DATA:
-------------------------
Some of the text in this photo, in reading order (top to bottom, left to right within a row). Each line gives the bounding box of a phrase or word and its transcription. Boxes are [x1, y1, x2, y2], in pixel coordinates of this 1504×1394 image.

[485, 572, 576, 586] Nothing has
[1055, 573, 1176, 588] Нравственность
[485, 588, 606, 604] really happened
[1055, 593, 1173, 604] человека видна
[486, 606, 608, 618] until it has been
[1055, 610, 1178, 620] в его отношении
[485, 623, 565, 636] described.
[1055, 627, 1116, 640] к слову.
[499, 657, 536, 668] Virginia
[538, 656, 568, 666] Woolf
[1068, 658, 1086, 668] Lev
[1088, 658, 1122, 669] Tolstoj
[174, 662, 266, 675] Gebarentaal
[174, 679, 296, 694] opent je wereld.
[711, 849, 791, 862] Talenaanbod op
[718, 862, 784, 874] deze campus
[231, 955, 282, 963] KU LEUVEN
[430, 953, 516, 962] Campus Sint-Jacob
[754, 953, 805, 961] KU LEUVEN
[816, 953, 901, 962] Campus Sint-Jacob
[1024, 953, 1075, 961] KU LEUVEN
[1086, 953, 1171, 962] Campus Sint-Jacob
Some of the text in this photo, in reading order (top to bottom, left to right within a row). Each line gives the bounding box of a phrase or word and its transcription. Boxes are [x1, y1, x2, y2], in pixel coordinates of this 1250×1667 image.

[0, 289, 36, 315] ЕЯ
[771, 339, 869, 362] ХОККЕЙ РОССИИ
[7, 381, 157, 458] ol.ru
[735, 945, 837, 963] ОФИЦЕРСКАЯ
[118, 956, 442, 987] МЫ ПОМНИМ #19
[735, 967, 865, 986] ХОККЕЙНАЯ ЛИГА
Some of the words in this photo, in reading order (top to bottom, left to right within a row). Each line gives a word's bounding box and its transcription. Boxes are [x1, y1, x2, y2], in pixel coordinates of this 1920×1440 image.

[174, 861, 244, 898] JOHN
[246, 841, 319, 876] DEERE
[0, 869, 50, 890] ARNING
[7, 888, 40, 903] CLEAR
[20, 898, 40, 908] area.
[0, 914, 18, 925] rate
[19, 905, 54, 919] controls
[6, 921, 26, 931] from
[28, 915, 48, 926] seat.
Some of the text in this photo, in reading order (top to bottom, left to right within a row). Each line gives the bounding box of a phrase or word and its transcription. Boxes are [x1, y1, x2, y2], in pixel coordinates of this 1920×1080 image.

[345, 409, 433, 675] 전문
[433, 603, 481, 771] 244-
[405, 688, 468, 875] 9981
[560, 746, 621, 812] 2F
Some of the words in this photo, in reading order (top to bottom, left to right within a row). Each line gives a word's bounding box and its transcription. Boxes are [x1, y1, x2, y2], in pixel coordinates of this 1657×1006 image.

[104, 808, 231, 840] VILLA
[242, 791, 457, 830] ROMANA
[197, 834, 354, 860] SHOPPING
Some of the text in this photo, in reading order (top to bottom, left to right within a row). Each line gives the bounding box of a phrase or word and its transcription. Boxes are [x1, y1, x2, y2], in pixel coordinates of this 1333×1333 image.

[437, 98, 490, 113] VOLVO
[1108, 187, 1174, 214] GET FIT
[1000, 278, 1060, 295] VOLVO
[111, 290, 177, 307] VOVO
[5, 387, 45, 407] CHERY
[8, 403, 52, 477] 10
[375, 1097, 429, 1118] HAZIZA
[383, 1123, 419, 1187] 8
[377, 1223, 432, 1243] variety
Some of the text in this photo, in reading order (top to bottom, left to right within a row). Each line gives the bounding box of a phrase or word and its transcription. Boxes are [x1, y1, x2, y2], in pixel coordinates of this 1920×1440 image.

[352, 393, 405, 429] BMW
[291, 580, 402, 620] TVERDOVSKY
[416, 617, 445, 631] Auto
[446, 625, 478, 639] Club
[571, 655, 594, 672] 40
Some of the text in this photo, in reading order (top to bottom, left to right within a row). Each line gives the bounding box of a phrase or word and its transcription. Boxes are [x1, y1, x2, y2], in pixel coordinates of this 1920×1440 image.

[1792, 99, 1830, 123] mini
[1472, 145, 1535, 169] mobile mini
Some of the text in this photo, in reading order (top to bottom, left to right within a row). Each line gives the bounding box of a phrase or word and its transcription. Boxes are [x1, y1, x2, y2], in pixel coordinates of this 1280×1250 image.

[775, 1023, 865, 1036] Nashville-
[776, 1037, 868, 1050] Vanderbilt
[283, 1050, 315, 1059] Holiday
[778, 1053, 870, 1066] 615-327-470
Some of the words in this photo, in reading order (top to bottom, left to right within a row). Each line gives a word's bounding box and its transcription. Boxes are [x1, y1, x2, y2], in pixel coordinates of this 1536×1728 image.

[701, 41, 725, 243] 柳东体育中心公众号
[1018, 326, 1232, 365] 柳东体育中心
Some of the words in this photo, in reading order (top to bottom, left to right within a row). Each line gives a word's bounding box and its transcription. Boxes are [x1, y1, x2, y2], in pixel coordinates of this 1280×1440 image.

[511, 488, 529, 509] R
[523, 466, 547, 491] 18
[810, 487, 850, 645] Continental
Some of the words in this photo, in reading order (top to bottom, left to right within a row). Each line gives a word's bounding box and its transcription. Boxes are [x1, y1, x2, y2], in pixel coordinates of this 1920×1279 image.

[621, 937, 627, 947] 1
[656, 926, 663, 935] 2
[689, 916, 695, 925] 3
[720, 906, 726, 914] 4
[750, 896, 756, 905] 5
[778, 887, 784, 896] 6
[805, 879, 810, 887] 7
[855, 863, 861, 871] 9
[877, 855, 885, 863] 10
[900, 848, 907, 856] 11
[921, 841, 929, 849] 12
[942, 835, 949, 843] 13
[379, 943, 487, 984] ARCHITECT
-------------------------
WHAT NEEDS TO BE DONE: Everything from the line holding "this 1920×1279 image." through the final line of the material must be given again exactly, and nothing outside that stretch.

REPLY:
Some of the words in this photo, in reading order (top to bottom, left to right within a row). Each line gives a word's bounding box and its transcription. Boxes are [x1, y1, x2, y2], in pixel coordinates of this 1920×1279 image.

[621, 937, 627, 947] 1
[656, 926, 663, 935] 2
[689, 916, 695, 925] 3
[720, 906, 726, 914] 4
[750, 896, 756, 905] 5
[778, 887, 784, 896] 6
[805, 879, 810, 887] 7
[855, 863, 861, 871] 9
[877, 855, 885, 863] 10
[900, 848, 907, 856] 11
[921, 841, 929, 849] 12
[942, 835, 949, 843] 13
[379, 943, 487, 984] ARCHITECT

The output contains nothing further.